__Task to complete__:
Give back each entry unchanged, minus pictures.

__Recorded information__:
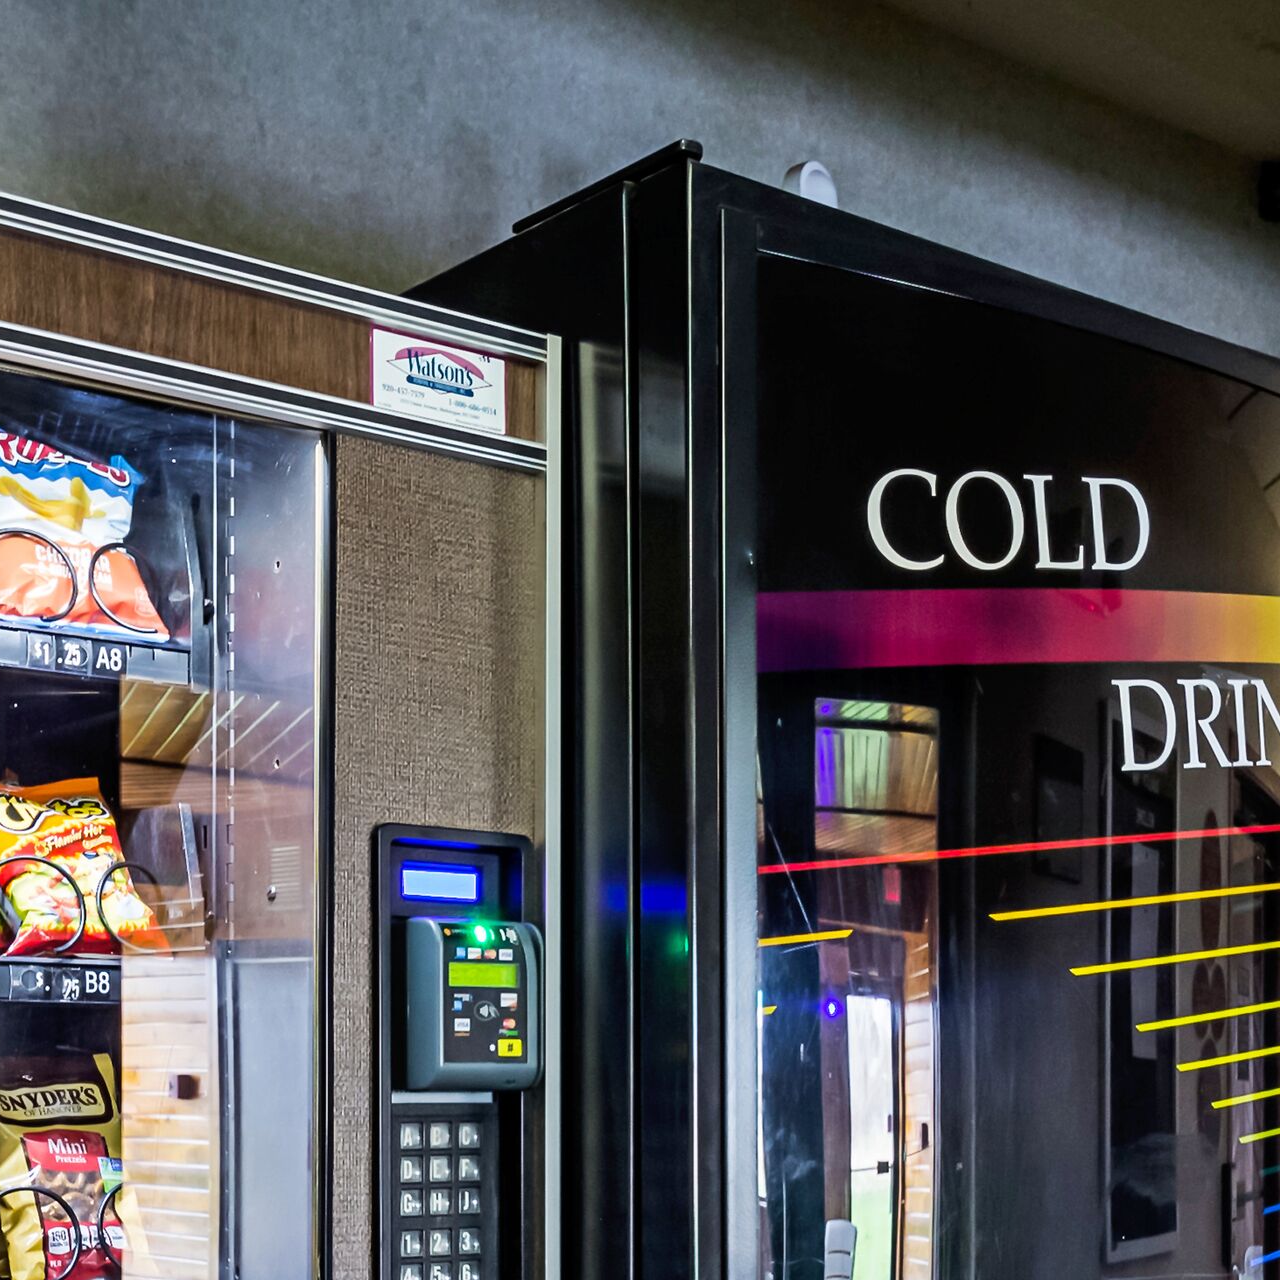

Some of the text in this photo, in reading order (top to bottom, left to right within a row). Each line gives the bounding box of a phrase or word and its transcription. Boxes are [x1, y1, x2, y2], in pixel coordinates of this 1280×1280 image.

[406, 347, 473, 388] Watson's
[867, 468, 1150, 571] COLD
[95, 646, 122, 672] A8
[83, 823, 105, 837] Hot
[85, 970, 110, 994] B8
[23, 1104, 83, 1117] OF HANOVER
[404, 1127, 413, 1145] A
[48, 1138, 88, 1155] Mini
[55, 1154, 87, 1164] Pretzels
[404, 1161, 413, 1179] D
[404, 1194, 413, 1213] G
[404, 1235, 411, 1253] 1
[462, 1233, 470, 1251] 3
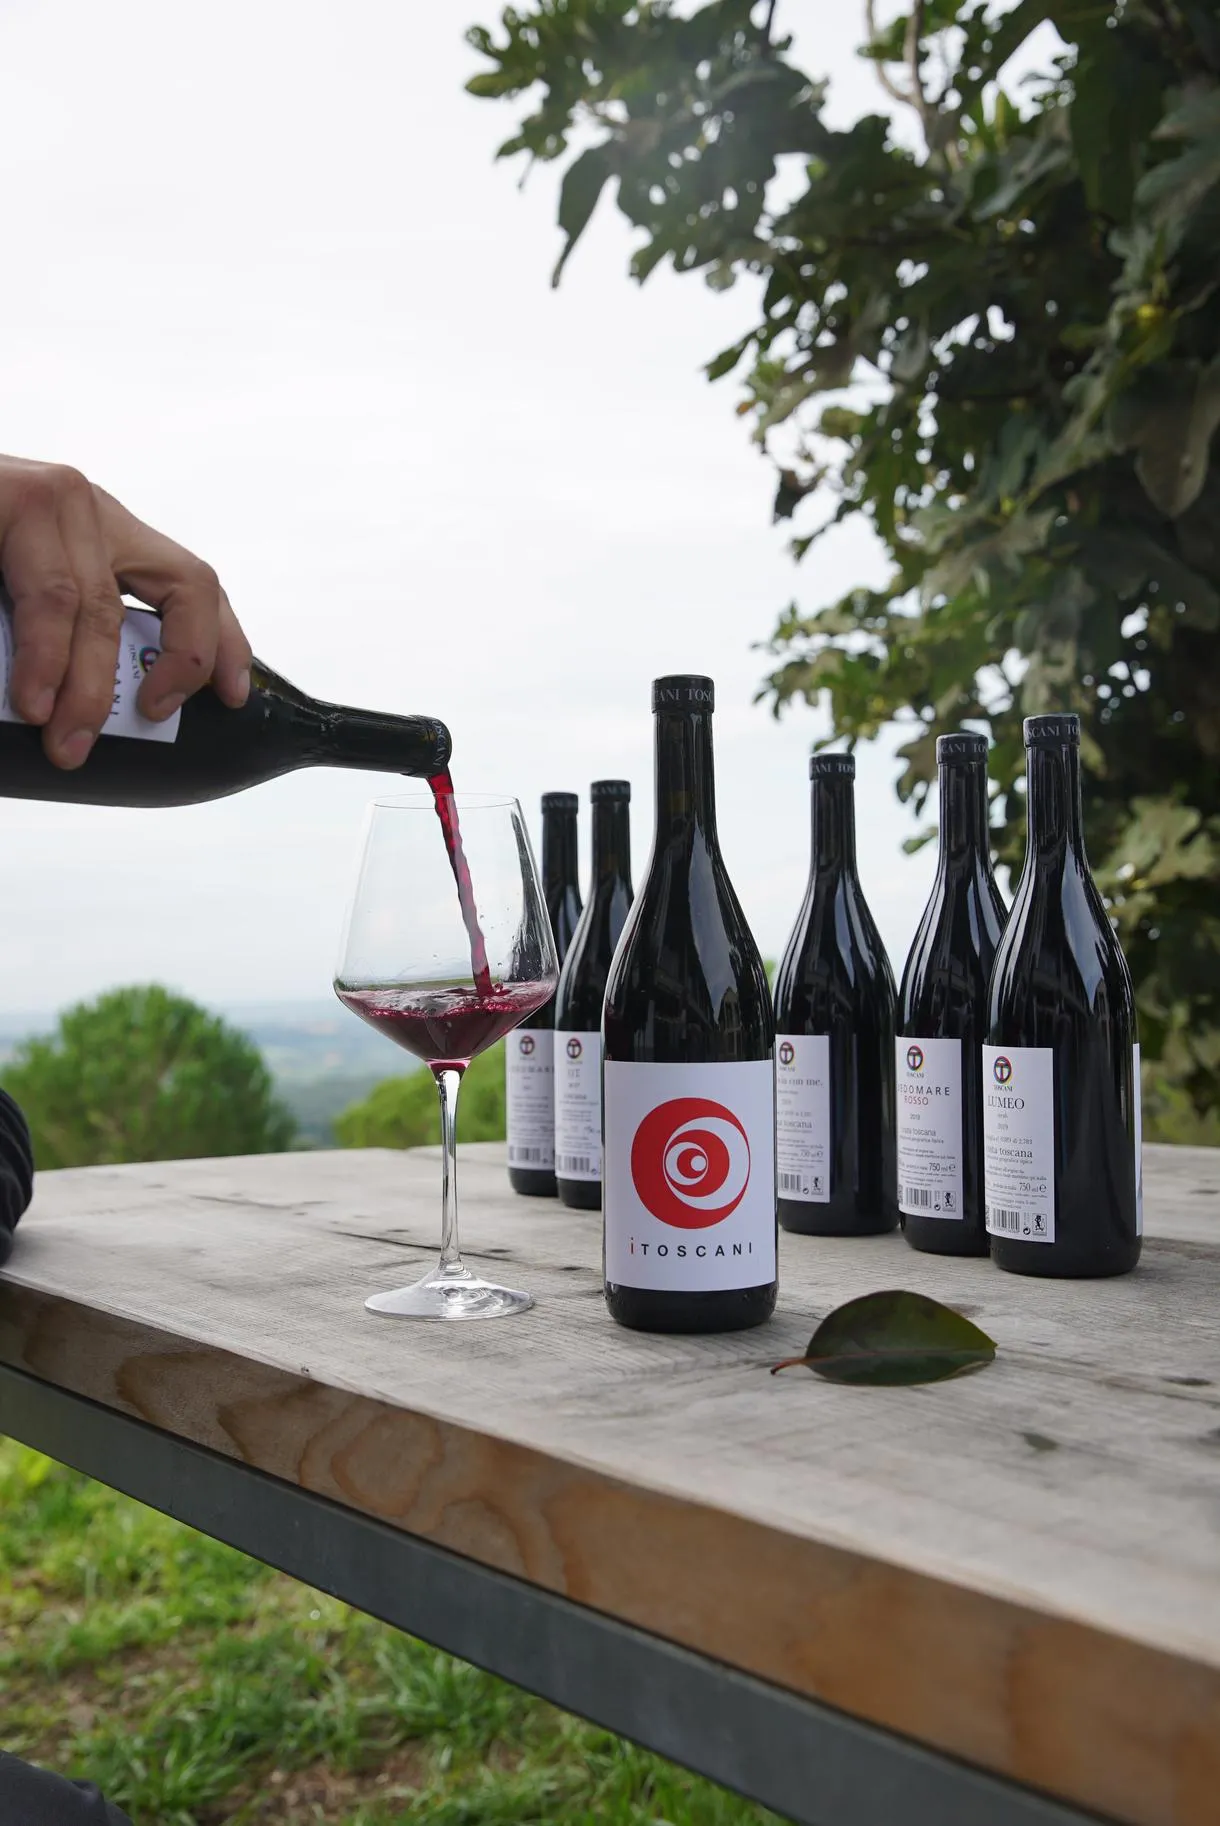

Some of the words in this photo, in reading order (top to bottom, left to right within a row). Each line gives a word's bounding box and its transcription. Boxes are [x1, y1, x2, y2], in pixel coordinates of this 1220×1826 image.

[988, 1096, 1025, 1110] LUMEO
[1000, 1147, 1033, 1158] toscana
[929, 1162, 941, 1172] 750
[1019, 1182, 1031, 1192] 750
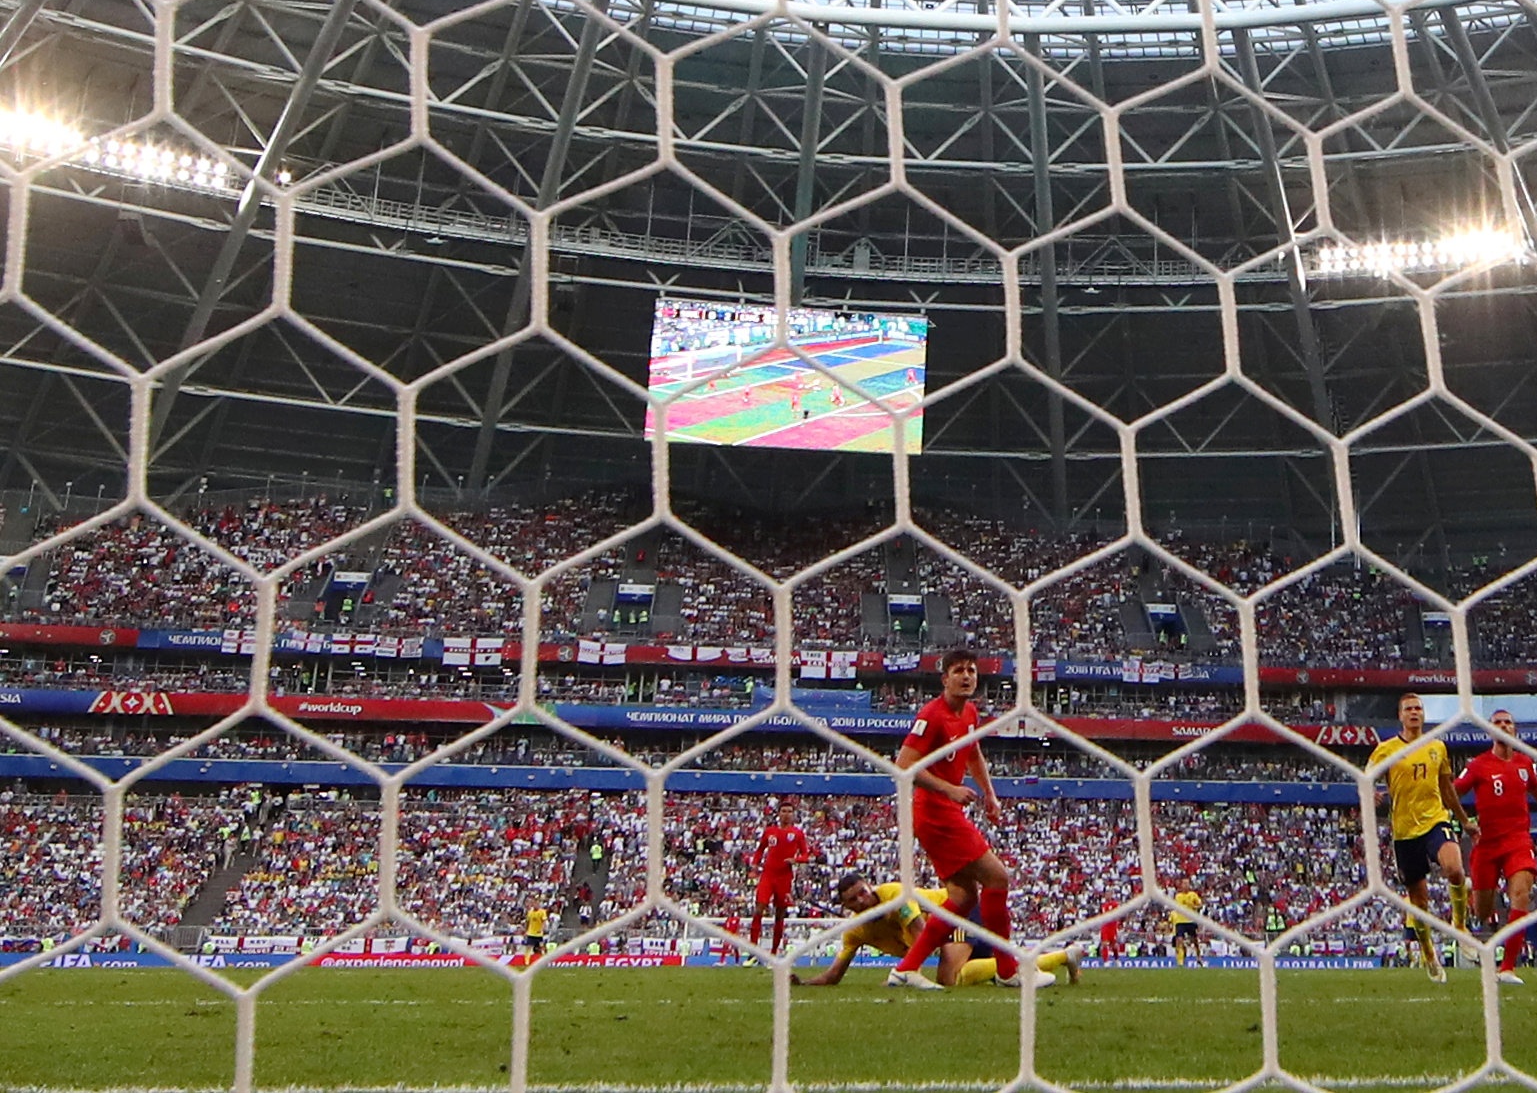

__Solution__:
Some of the text in this photo, in reading order (top to bottom, left to right within a row). Each line gives the bounding box of a phrase or word and its transcription. Boxes are [x1, y1, x2, y2], in pixel coordinates of this 1280×1280 image.

[406, 347, 473, 388] Watson's
[867, 468, 1150, 571] COLD
[95, 646, 122, 672] A8
[83, 823, 105, 837] Hot
[85, 970, 110, 994] B8
[23, 1104, 83, 1117] OF HANOVER
[404, 1127, 413, 1145] A
[48, 1138, 88, 1155] Mini
[55, 1154, 87, 1164] Pretzels
[404, 1161, 413, 1179] D
[404, 1194, 413, 1213] G
[404, 1235, 411, 1253] 1
[462, 1233, 470, 1251] 3

Some of the words in this photo, in reading order (top to bottom, left to right within a row). Each line gives a word's bounding box and its transcription. Boxes are [x1, y1, x2, y2], in pixel coordinates of this 1220×1826 image.

[988, 1096, 1025, 1110] LUMEO
[1000, 1147, 1033, 1158] toscana
[929, 1162, 941, 1172] 750
[1019, 1182, 1031, 1192] 750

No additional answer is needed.